- [WORK TASK]
Copy out the entries word for word, leaving images aside.

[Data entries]
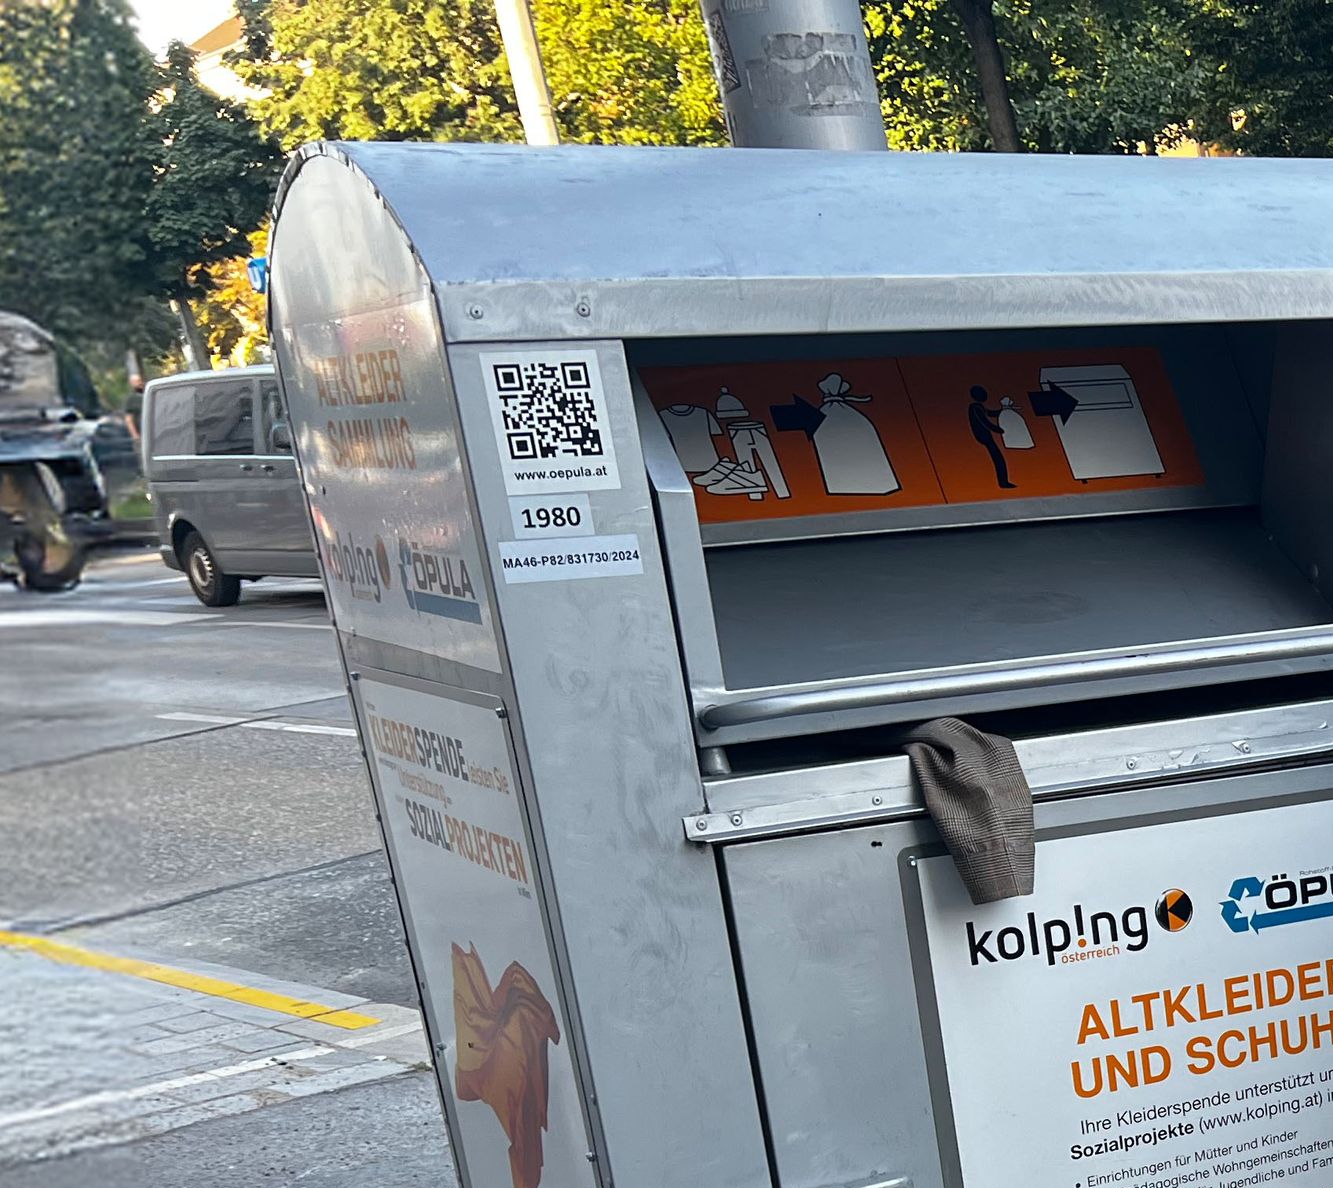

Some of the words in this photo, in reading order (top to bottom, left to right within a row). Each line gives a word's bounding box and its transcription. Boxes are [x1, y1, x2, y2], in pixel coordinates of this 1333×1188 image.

[327, 416, 417, 471] SAMMLUNG
[514, 465, 608, 481] www.oepula.at
[521, 506, 581, 529] 1980
[411, 541, 476, 600] ÖPULA
[502, 549, 640, 569] MA46-P82/831730/2024
[368, 713, 469, 782] KLEIDERSPENDE
[405, 798, 528, 885] SOZIALPROJEKTEN
[1060, 944, 1121, 965] österreich
[1070, 1043, 1173, 1099] UND
[1070, 1122, 1194, 1160] Sozialprojekte
[1198, 1090, 1323, 1135] (www.kolping.at)
[1080, 1118, 1112, 1135] Ihre
[1116, 1092, 1231, 1127] Kleiderspende
[1235, 1073, 1315, 1101] unterstützt
[1087, 1159, 1172, 1188] Einrichtungen
[1174, 1154, 1191, 1167] für
[1194, 1145, 1233, 1163] Mütter
[1236, 1138, 1258, 1153] und
[1261, 1130, 1298, 1147] Kinder
[1288, 1160, 1309, 1176] und
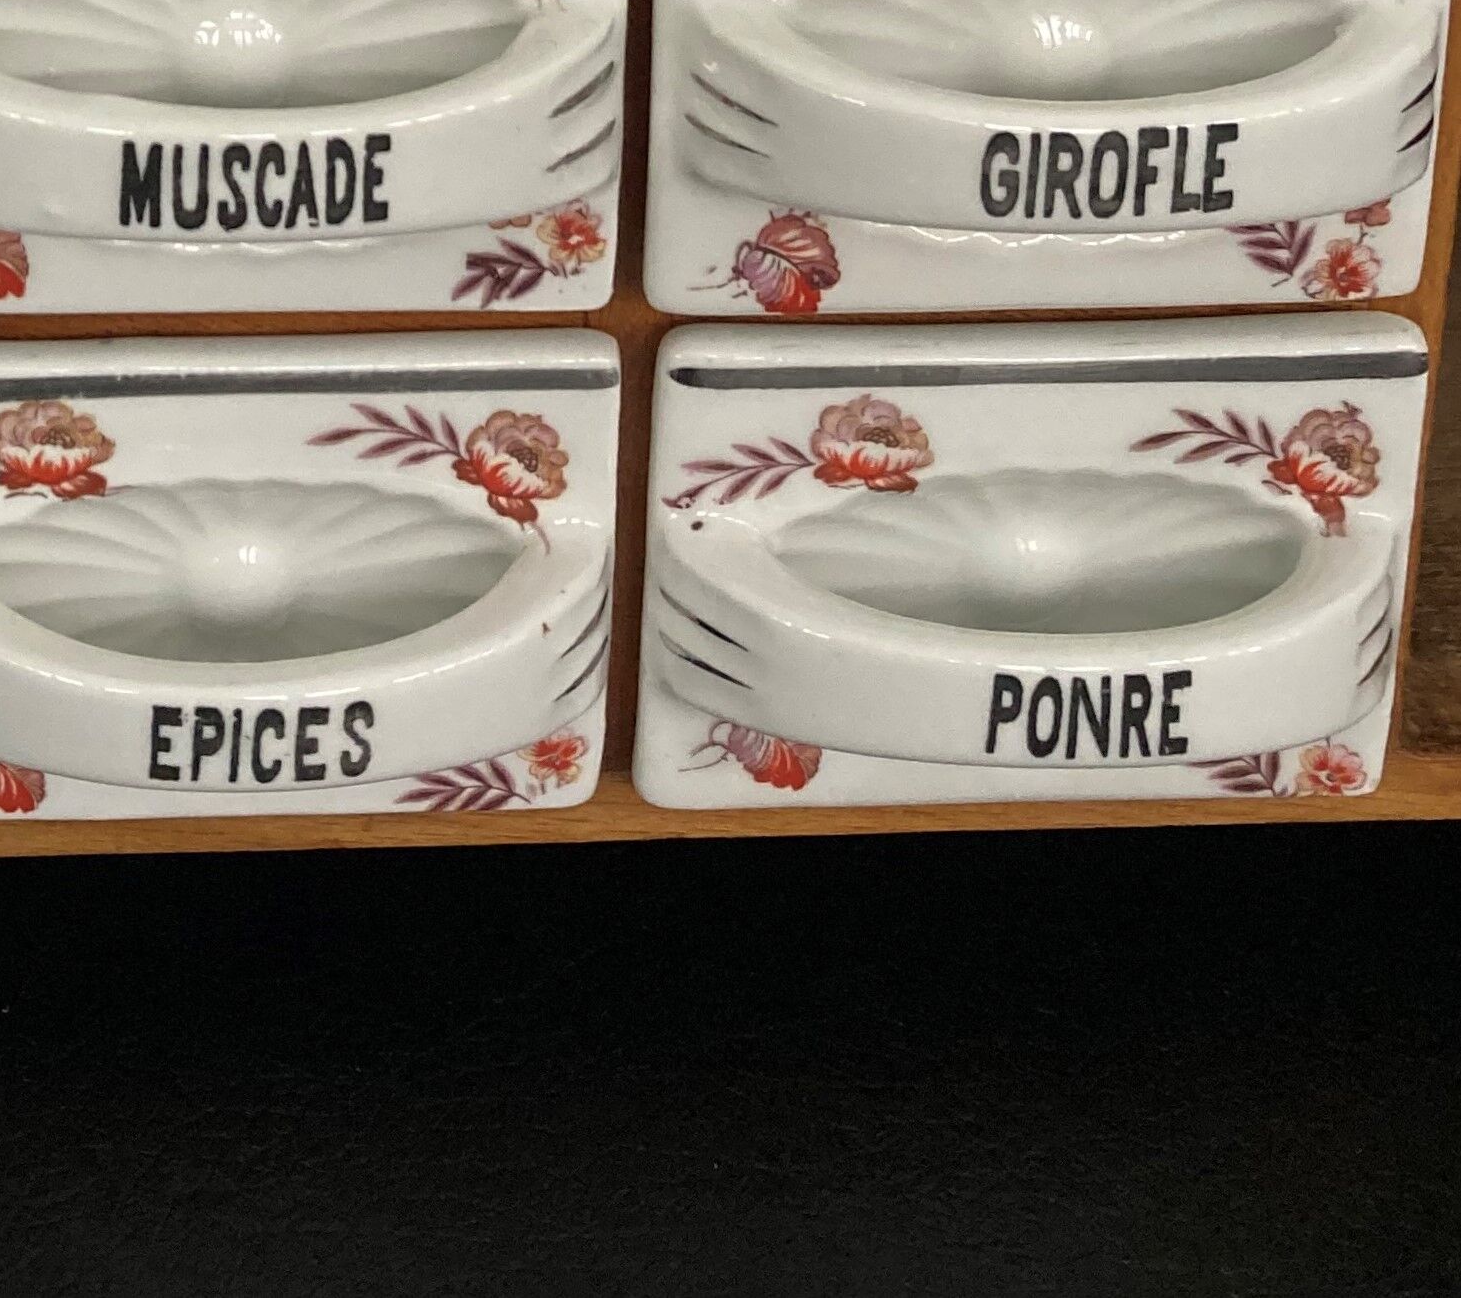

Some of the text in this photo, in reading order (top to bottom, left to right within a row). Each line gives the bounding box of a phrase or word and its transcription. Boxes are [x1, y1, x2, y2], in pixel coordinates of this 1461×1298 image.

- [RESPONSE AREA]
Some of the words in this photo, in reading order (top to bottom, left to right within a row). Each line gives a word's bounding box and its transcription. Boxes are [x1, y1, x2, y2], in pixel coordinates of this 1333×1188 image.

[327, 416, 417, 471] SAMMLUNG
[514, 465, 608, 481] www.oepula.at
[521, 506, 581, 529] 1980
[411, 541, 476, 600] ÖPULA
[502, 549, 640, 569] MA46-P82/831730/2024
[368, 713, 469, 782] KLEIDERSPENDE
[405, 798, 528, 885] SOZIALPROJEKTEN
[1060, 944, 1121, 965] österreich
[1070, 1043, 1173, 1099] UND
[1070, 1122, 1194, 1160] Sozialprojekte
[1198, 1090, 1323, 1135] (www.kolping.at)
[1080, 1118, 1112, 1135] Ihre
[1116, 1092, 1231, 1127] Kleiderspende
[1235, 1073, 1315, 1101] unterstützt
[1087, 1159, 1172, 1188] Einrichtungen
[1174, 1154, 1191, 1167] für
[1194, 1145, 1233, 1163] Mütter
[1236, 1138, 1258, 1153] und
[1261, 1130, 1298, 1147] Kinder
[1288, 1160, 1309, 1176] und

Some of the text in this photo, in reading order (top to bottom, left to right within a row). Each line gives the bounding box of a phrase or word and its transcription. Boxes are [x1, y1, x2, y2], in pixel coordinates of this 1461×1298 image.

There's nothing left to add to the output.